> [Your goal]
Copy each entry below exactly. No images.

> [Dataset entries]

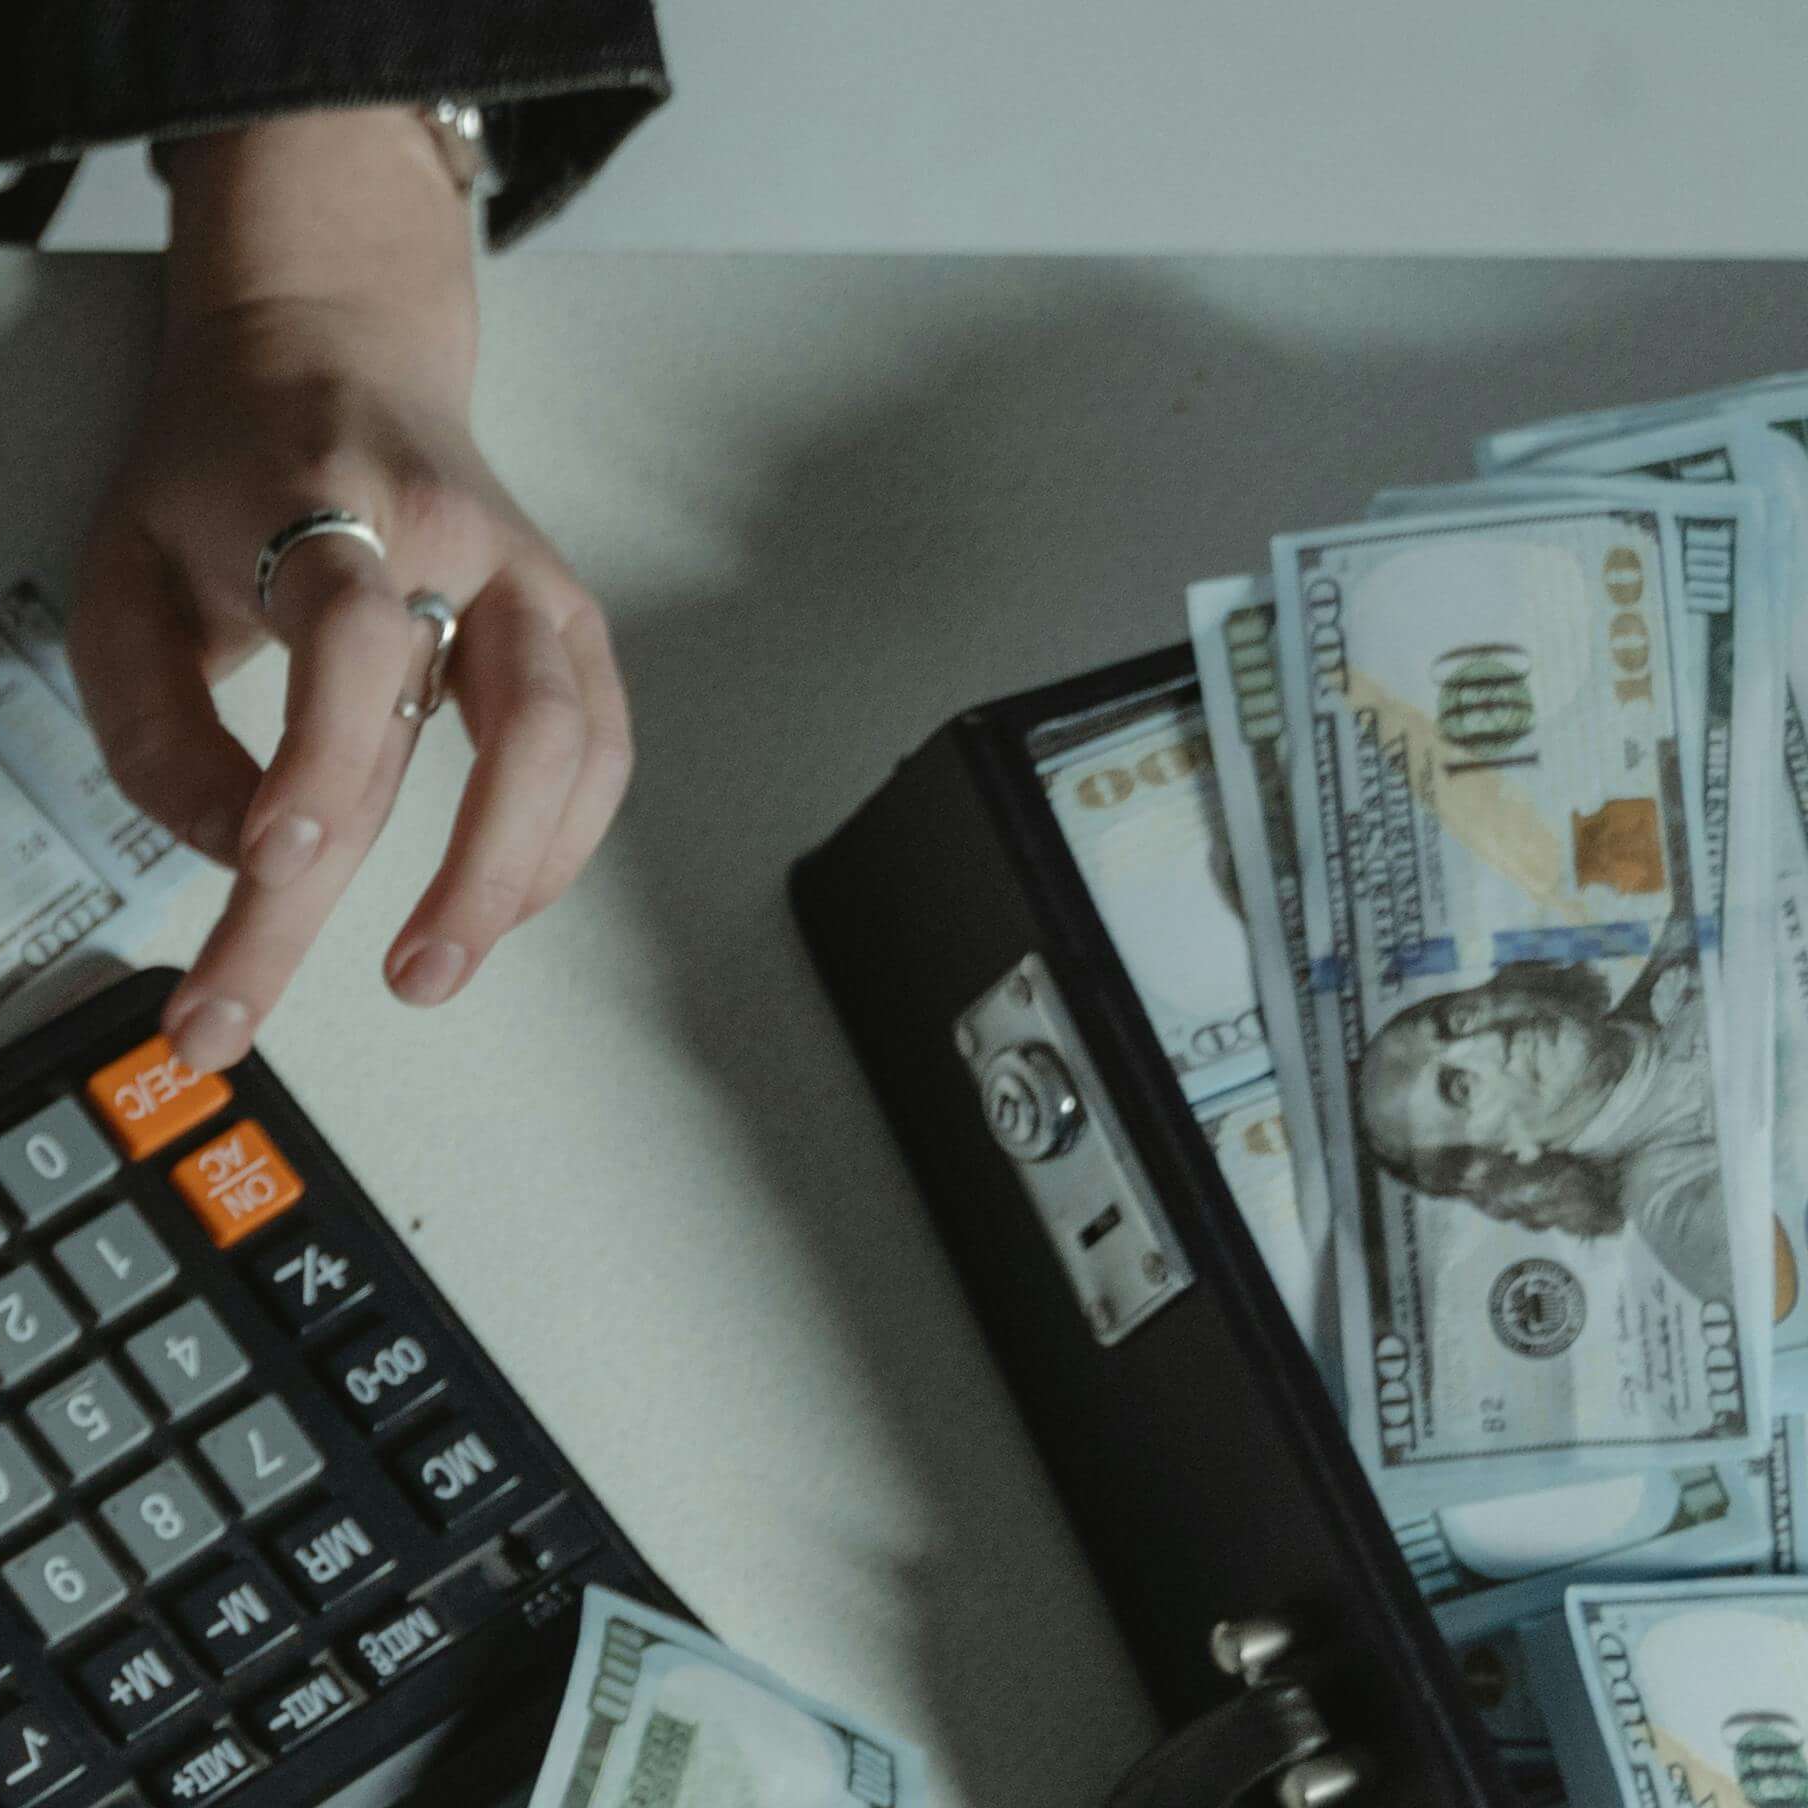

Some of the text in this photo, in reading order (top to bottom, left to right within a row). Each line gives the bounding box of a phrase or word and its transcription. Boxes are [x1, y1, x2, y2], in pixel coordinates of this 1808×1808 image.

[1602, 544, 1654, 704] 100
[27, 1135, 67, 1178] 0
[96, 1239, 130, 1278] 1
[166, 1337, 199, 1378] 4
[1374, 1334, 1416, 1451] 100
[68, 1394, 109, 1441] 5
[248, 1430, 284, 1478] 7
[423, 1435, 495, 1499] MC
[141, 1494, 183, 1539] 8
[295, 1519, 371, 1583] MR

> [Exercise result]
Some of the text in this photo, in reading order (top to bottom, left to right within a row). Each line gives the bounding box of a phrase or word and its transcription. Boxes are [x1, y1, x2, y2], in pixel coordinates of this 1808×1808 image.

[1602, 544, 1654, 704] 100
[27, 1135, 67, 1178] 0
[96, 1239, 130, 1278] 1
[166, 1337, 199, 1378] 4
[1374, 1334, 1416, 1451] 100
[68, 1394, 109, 1441] 5
[248, 1430, 284, 1478] 7
[423, 1435, 495, 1499] MC
[141, 1494, 183, 1539] 8
[295, 1519, 371, 1583] MR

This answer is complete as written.